Thank you in advance!
Dynamic programming usually implies short-circuiting some of the computation based on results from computations made to date. Often this takes the form of a recursive function. You seem to be taking more of a brute force approach (which usually corresponds to the worse case scenario for dp)
Here is an example of a recursive approach that will lend itself better to optimization:
def largestFrom(M,N,K):
if K == 1: return [max(M+N)] # simple case
if not M and len(N)==K : return N # simple case
if not N and len(M)==K : return M # simple case
result = []
for A,B in [(N,M),(M,N)]:
for i,a in enumerate(A): # trial on numbers from A
if len(A)-i+len(B)<K: break # can't take more from A
if result and a < result[0]: continue # short-circuit
R = [a] + largestFrom(A[i+1:],B,K-1) # recurse with remaining numbers
if R > result: result = R # track best so far
return result
After eliminating the obvious solutions that require no special processing, it goes into a recursive trial/error process that short-circuits the traversal for candidate numbers that won't improve the best result found so far.

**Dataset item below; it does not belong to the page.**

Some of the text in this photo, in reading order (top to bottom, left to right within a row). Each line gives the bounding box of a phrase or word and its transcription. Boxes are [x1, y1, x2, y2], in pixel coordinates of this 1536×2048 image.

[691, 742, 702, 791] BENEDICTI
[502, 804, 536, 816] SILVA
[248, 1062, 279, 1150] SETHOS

The traversal goes through the two lists and attempts to use the number at each position as the first one in the result. It then recurses with the remaining numbers and a size of K-1. So, upon returning from the recursion, a list R is formed of the selected number followed by the largest K-1 sized suffix that can be made with the remaining numbers.
One part of the short circuiting is stopping the loop when the index of the selected number would not leave enough remaining numbers to reach a size of K-1 (i.e. combining the remainder of the current list plus all numbers of the other one).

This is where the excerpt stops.